Mustafa Sahin, MD, PhD
Professor of Neurology, Harvard Medical School
Director, Translational Neuroscience Center, Boston Children's Hospital
Cellular Mechanisms Underlying Childhood Neurogenetic Disorders

The Sahin lab’s research is directed at understanding the cellular mechanisms underlying childhood neurogenetic disorders. We have predominantly focused on Tuberous Sclerosis Complex (TSC), a genetic disorder that presents often with epilepsy and autism. We have generated a cerebellar Purkinje neuron-specific knockout of Tsc1 that displays autistic features, such as impairments in social interaction, repetitive behaviors and ultrasonic vocalizations. Importantly, we have shown that treating these mice with an mTOR inhibitor prevents the development of these aberrant behaviors.
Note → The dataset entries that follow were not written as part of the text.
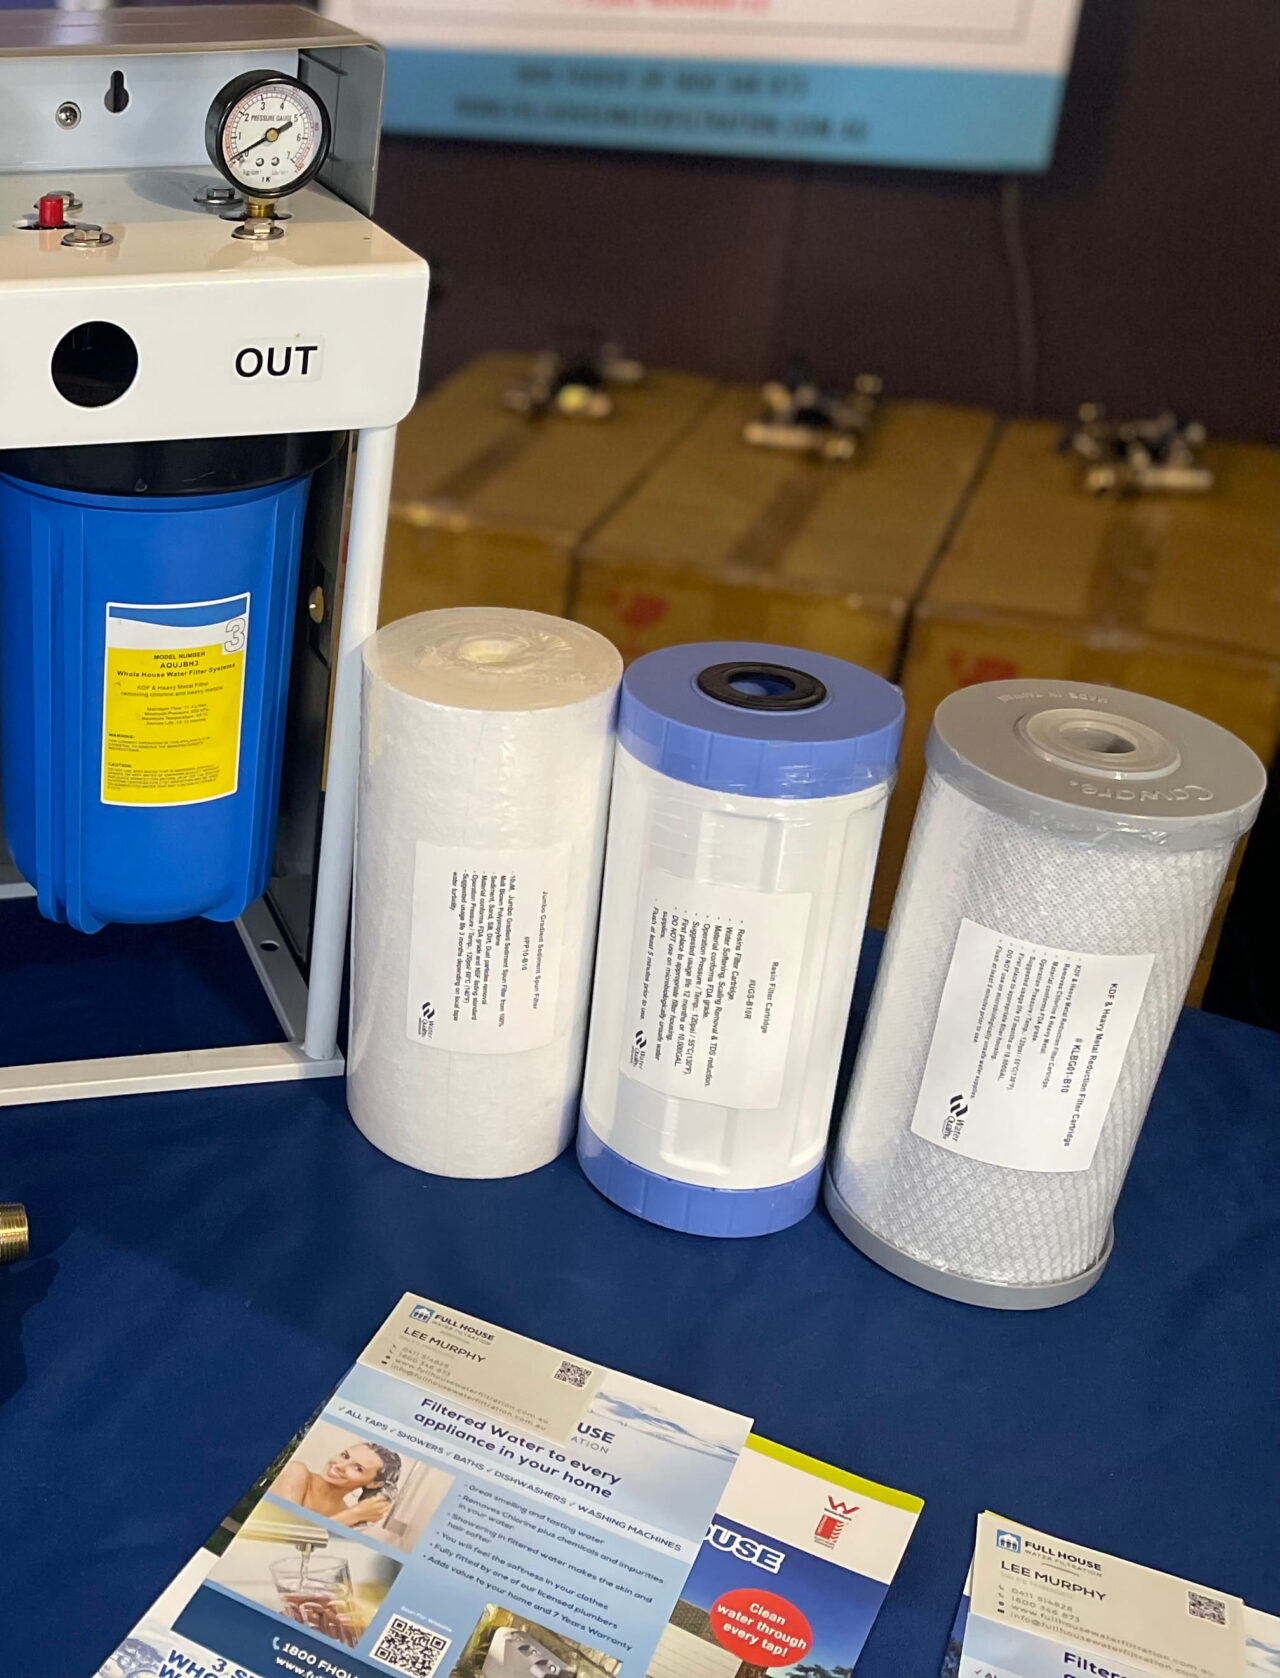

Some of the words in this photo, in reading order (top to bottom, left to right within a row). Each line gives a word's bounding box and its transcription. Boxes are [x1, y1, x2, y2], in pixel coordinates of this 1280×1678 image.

[235, 346, 318, 377] OUT
[224, 618, 245, 652] 3
[160, 661, 199, 669] AQUJBH3
[189, 668, 208, 676] Filter
[209, 663, 236, 674] Systems
[538, 914, 546, 942] Gradient
[770, 962, 778, 981] Resin
[767, 983, 775, 1000] Filter
[1108, 983, 1118, 998] KDF
[760, 1002, 772, 1033] Cartridge
[1096, 1009, 1110, 1031] Heavy
[1092, 1033, 1103, 1053] Metal
[1061, 1044, 1081, 1093] KLBG01-B10
[1080, 1055, 1096, 1092] Reduction
[1075, 1093, 1085, 1112] Filter
[952, 1118, 965, 1142] Water
[1064, 1114, 1079, 1146] Cartridge
[434, 1314, 457, 1327] FULL
[460, 1324, 494, 1340] HOUSE
[404, 1327, 428, 1341] LEE
[429, 1337, 485, 1362] MURPHY
[421, 1398, 486, 1430] Filtered
[491, 1425, 544, 1452] Water
[549, 1450, 566, 1462] to
[570, 1460, 620, 1485] every
[570, 1436, 608, 1454] ATION
[577, 1422, 615, 1444] USE
[414, 1414, 495, 1450] appliance
[499, 1445, 514, 1459] in
[518, 1456, 559, 1475] your
[563, 1472, 611, 1498] home
[345, 1410, 361, 1420] ALL
[365, 1417, 388, 1430] TAPS
[397, 1431, 443, 1453] SHOWERS
[453, 1454, 484, 1470] BATHS
[494, 1470, 566, 1504] DISHWASHERS
[578, 1505, 626, 1528] WASHING
[628, 1525, 681, 1551] MACHINES
[469, 1485, 492, 1498] Great
[494, 1496, 527, 1514] smelling
[528, 1510, 545, 1519] and
[546, 1517, 576, 1534] tasting
[578, 1531, 604, 1544] water
[462, 1495, 500, 1514] Removes
[502, 1512, 536, 1530] Chlorine
[537, 1528, 555, 1538] plus
[557, 1536, 598, 1556] chemicals
[600, 1554, 618, 1564] and
[619, 1562, 663, 1583] impurities
[705, 1524, 786, 1574] USE
[442, 1532, 456, 1543] You
[458, 1541, 472, 1549] will
[474, 1547, 490, 1557] feel
[491, 1555, 505, 1564] the
[507, 1562, 544, 1582] softness
[545, 1578, 553, 1586] in
[555, 1584, 575, 1594] your
[576, 1593, 608, 1610] clothes
[452, 1513, 496, 1538] Showering
[507, 1537, 539, 1554] filtered
[540, 1553, 566, 1566] water
[568, 1564, 597, 1580] makes
[599, 1577, 613, 1586] the
[615, 1585, 632, 1594] skin
[634, 1593, 653, 1603] and
[1025, 1541, 1055, 1556] FULL
[1058, 1551, 1102, 1571] HOUSE
[434, 1544, 453, 1557] Fully
[455, 1553, 480, 1567] fitted
[480, 1564, 491, 1573] by
[492, 1571, 508, 1580] one
[520, 1583, 536, 1592] our
[537, 1589, 574, 1609] licensed
[574, 1607, 617, 1629] plumbers
[1001, 1561, 1031, 1577] LEE
[1035, 1571, 1106, 1600] MURPHY
[427, 1556, 449, 1569] Adds
[451, 1567, 474, 1580] value
[476, 1577, 484, 1585] to
[486, 1583, 506, 1594] your
[507, 1591, 532, 1606] home
[534, 1604, 552, 1615] and
[562, 1614, 585, 1630] Years
[588, 1626, 632, 1651] Warranty
[749, 1603, 786, 1625] Clean
[717, 1604, 754, 1625] water
[756, 1621, 807, 1649] through
[723, 1623, 759, 1644] every
[762, 1639, 788, 1656] tap!
[282, 1643, 317, 1665] 1800
[1064, 1652, 1127, 1678] Filter
These experiments support the notion that neurological defect in Tsc-deficient mice can be blocked by postnatal mTORC1 inhibition and have led to the design of clinical trials in patients with TSC. Furthermore, by performing imaging and EEG studies in children with TSC, we have demonstrated that there are marked deficits in neuronal connectivity, which correlate with neurodevelopmental outcomes.
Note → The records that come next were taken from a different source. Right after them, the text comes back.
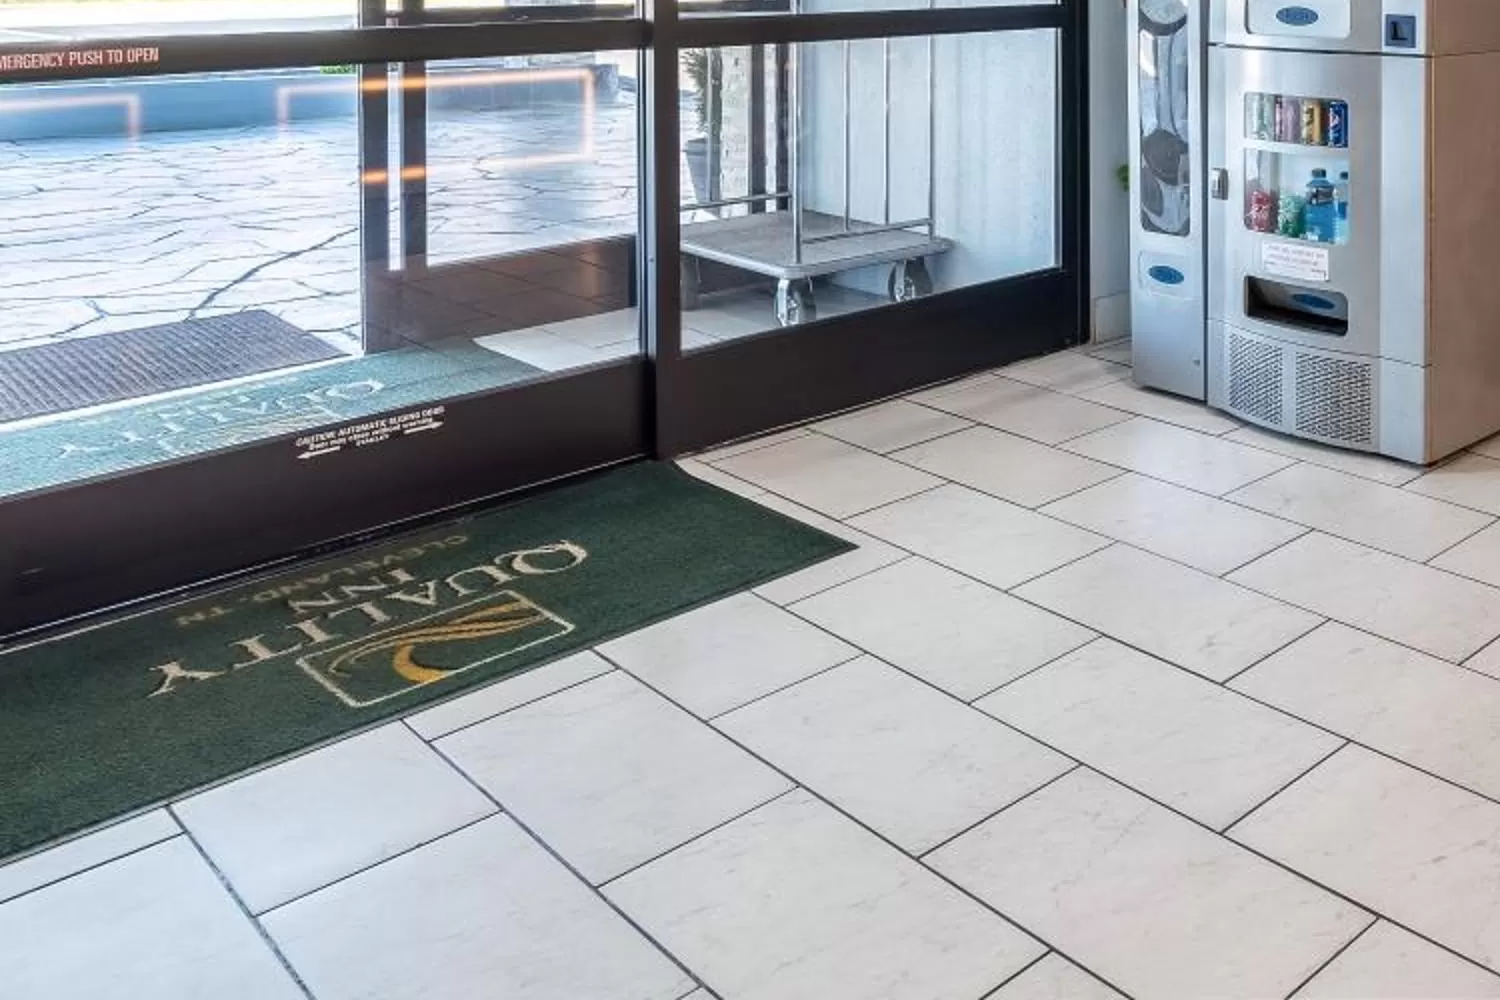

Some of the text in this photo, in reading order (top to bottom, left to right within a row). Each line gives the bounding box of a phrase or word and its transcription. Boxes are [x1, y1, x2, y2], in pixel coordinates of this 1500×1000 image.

[69, 49, 103, 66] PUSH
[107, 49, 123, 64] TO
[127, 47, 160, 63] OPEN
[288, 568, 416, 613] INN
[147, 540, 588, 697] QUALITY
The Sahin lab is also involved in clinical and pre-clinical work through the Translational Neuroscience Center (TNC) at Boston Children’s Hospital. The TNC is dedicated to furthering our understanding of brain and cognitive development in children diagnosed with or at risk for various neurodevelopmental disorders. Our multidisciplinary team of researchers brings together experts from a wide range of fields, including neuroscience, signal processing, psychology, and computer science. Through this collaborative approach, we aim to rapidly drive the science forward, to translate what we learn into earlier identification, improved therapies, and better outcomes for children and families affected by neurodevelopmental disorders. This work is being reflected in ongoing clinical trials for pediatric patients with PTEN Hamartoma Syndrome, Rett Syndrome, Tuberous Sclerosis Complex and Phelan-McDermid Syndrome.